Pertti Olavi "Veltto" Virtanen (born 18 May 1951 in Hämeenlinna) is a rock personality, former presidential candidate, and former member of the Finnish Parliament from Tampere, Finland.

In music he performed both as a solo artist and in the bands Virtanen (with Moog Konttinen), Välikausitakki and Sammas. Elektroninen xstaasi is considered the most famous of Veltto Virtanen's songs. Välikausitakki was notable for including also Mikko Alatalo, Harri Rinne and later also Juice Leskinen.

After running as a protest candidate in the 1994 presidential election, his surprisingly high popular vote spurred him to run in the 1995 election for the house of representatives as an essentially independent candidate, and succeeded in winning a seat.
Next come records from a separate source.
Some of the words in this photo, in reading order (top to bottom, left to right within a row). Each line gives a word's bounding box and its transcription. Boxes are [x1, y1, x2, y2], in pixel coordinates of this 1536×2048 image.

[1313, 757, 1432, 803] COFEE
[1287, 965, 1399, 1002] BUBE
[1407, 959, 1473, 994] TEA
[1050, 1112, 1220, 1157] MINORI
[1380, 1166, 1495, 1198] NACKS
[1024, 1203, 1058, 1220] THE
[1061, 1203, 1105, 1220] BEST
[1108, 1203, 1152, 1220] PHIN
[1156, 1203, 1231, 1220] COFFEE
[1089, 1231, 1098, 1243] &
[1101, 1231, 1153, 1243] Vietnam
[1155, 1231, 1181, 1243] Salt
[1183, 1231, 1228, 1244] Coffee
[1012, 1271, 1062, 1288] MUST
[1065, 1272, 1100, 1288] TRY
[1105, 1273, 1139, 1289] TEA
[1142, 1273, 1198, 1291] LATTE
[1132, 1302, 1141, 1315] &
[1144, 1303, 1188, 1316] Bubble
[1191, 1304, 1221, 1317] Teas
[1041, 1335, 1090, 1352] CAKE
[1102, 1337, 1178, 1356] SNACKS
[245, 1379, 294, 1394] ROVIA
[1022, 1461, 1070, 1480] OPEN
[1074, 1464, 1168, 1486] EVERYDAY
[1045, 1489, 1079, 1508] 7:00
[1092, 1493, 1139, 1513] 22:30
His terms in the Parliament were characteristically quixotic; the speeches he made being exercises in near-shamanistic elocution, and counter to parliamentary protocol refusing to bare his head, sporting various headgear, but being most famous for his "artistic" beret.

The minor party KiPu, which tactically allied with Virtanen, never won a seat of its own; thus he formed a one-man party-group in the parliament. Outside critics of the phenomenon of his political success wrote a critical book about it titled Huijari - Veltto Virtanen & Kirjava Puolue (publisher: Veitikka Kustannus 1999).

He continued in elective politics by running in the 1999 and 2003 parliamentary elections, but failed to win a seat due to the Finnish D'Hondt method of voting which favours large parties over minor ones.

Virtanen became again a member of Parliament in parliamentary elections of 2007, this time representing the True Finns party. He served two terms but did not run for re-election anymore in the parliamentary elections of 2015

Virtanen was elected to the Tampere city council in 2000 with 2038 votes.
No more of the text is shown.